Thai Noodle Salad
Total Time: 30 mins
Preparation Time: 10 mins
Cook Time: 20 mins
Ingredients
- 12 ounces linguine
- 4 tablespoons sesame oil
- 8 green onions, chopped
- 5 garlic cloves, minced
- 1 tablespoon minced peeled fresh ginger
- 1/4 cup honey
- 1/4 cup creamy peanut butter
- 1/4 cup soy sauce
- 3 tablespoons unseasoned rice vinegar
- 1 1/2 tablespoons chili-garlic sauce
- 2 cups mung bean sprouts
- 1 cup finely shredded carrot
Recipe
- 1 cook pasta in large pot of boiling salted water until tender but still firm to bite; drain.
- 2 transfer pasta to large bowl; add 3 tablespoons sesame oil and toss to coat.
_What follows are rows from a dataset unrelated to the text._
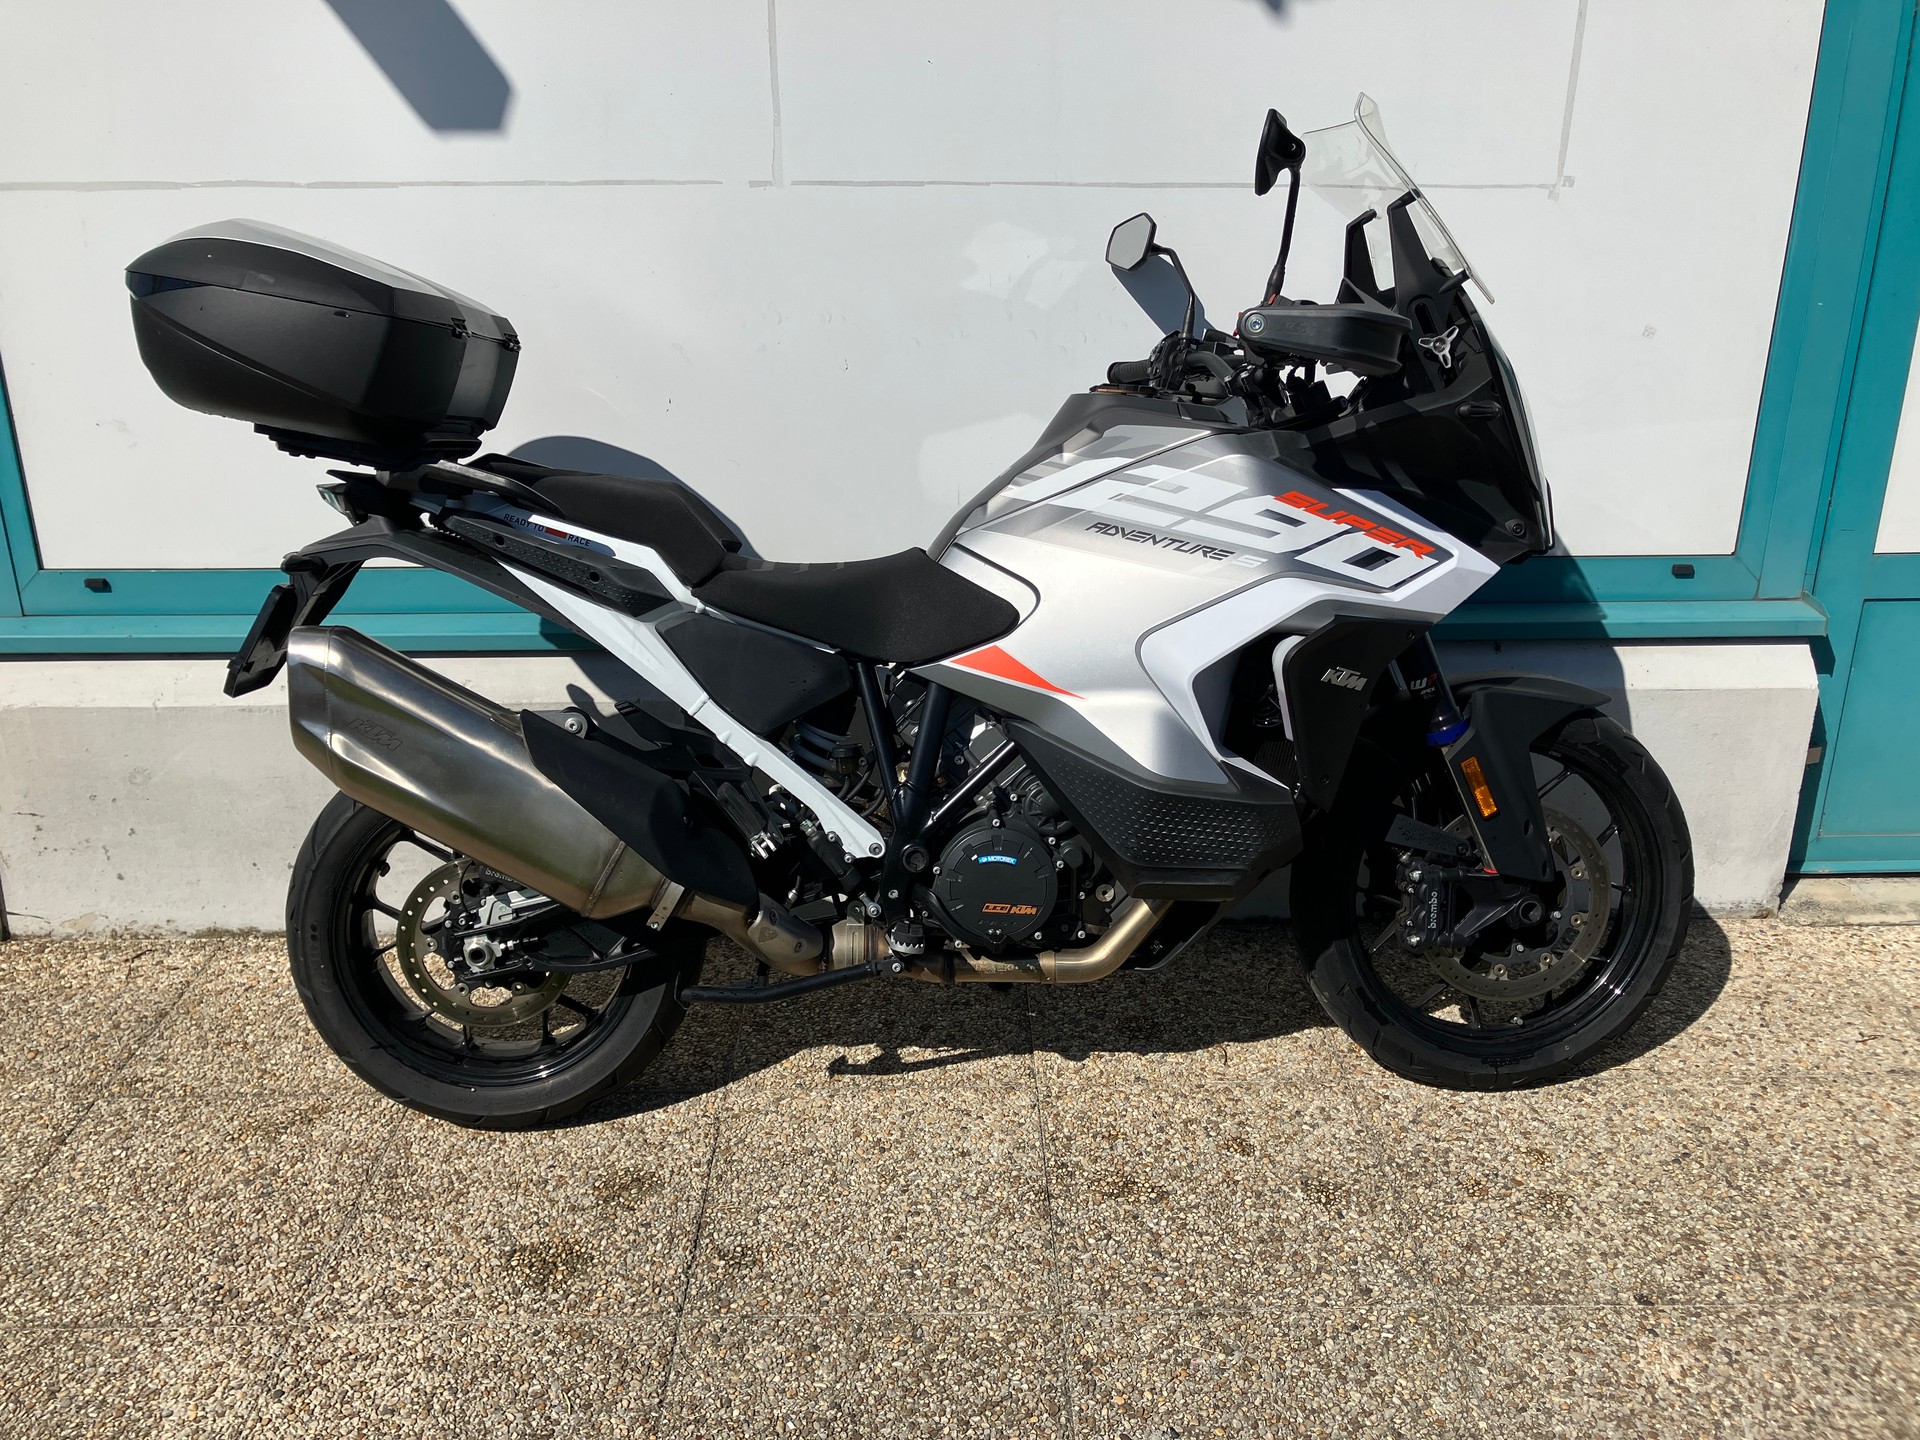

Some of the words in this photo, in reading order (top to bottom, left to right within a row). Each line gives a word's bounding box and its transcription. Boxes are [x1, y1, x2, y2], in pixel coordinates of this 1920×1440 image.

[503, 513, 532, 528] READY
[533, 522, 545, 532] TO
[567, 534, 591, 547] RACE
[1085, 522, 1236, 561] ADVENTURE
[1273, 491, 1435, 559] SUPER
[1320, 666, 1368, 691] KTM
[1410, 673, 1438, 690] WP
[347, 717, 404, 751] KTM
[988, 855, 1016, 865] MOTOREX
[1010, 904, 1038, 915] KTM
[1427, 890, 1438, 929] brembo
- 3 heat remaining 1 tablespoon oil in heavy large skillet over medium-high heat. add 6 green onions, garlic, and ginger; sauté until onions soften, about 2 minutes.
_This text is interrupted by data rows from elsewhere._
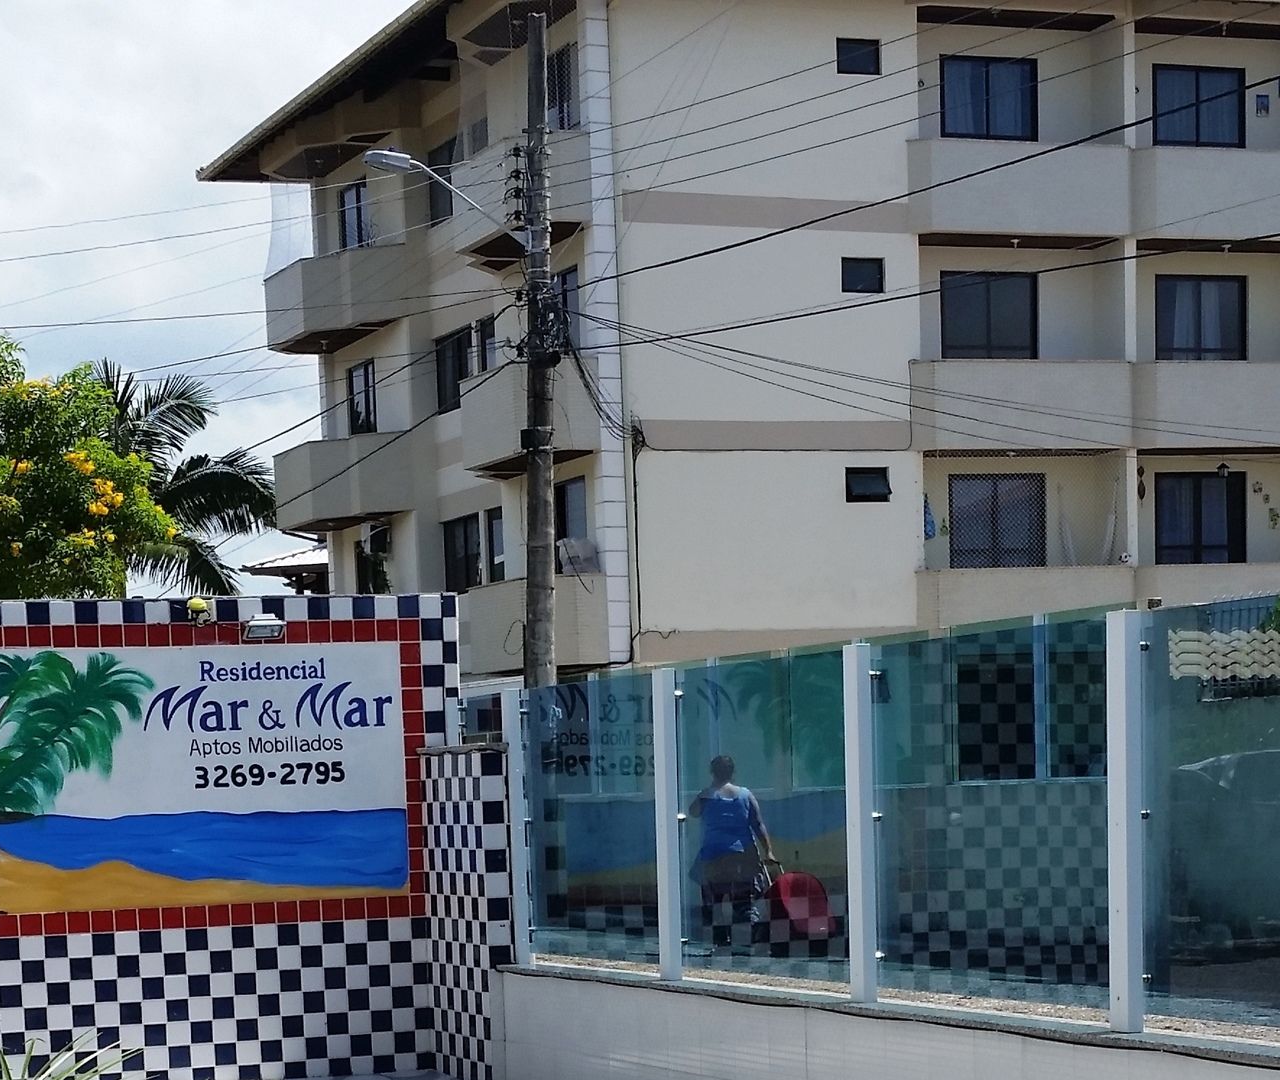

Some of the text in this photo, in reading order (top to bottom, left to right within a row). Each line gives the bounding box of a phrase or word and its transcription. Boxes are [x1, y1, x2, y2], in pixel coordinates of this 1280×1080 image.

[199, 658, 326, 682] Residencial
[143, 682, 393, 732] Mar & Mar
[190, 734, 343, 758] Aptos Mobiliados
[194, 761, 346, 789] 3269-2795
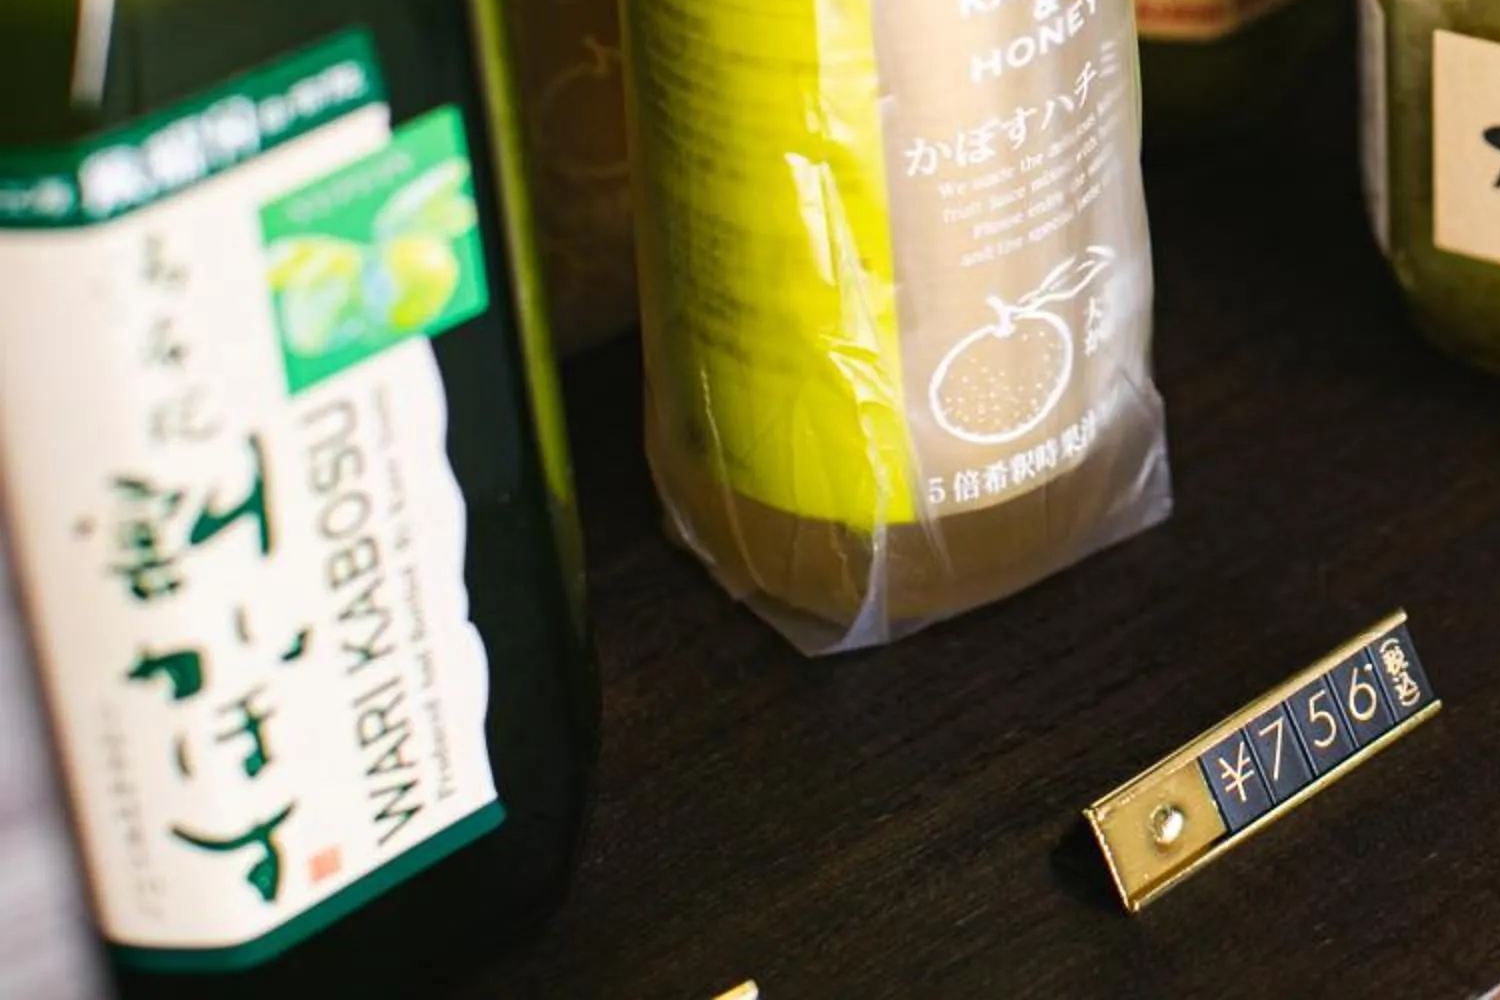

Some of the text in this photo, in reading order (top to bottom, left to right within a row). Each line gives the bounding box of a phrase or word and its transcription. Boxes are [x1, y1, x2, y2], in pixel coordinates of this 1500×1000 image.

- 4 add honey, peanut butter, soy sauce, vinegar, and chili-garlic sauce; whisk to blend.
- 5 simmer sauce 1 minute; cool to room temperature.
- 6 pour over pasta and toss to coat.
- 7 add sprouts and carrots; mix well.
- 8 transfer to platter; sprinkle with remaining green onions.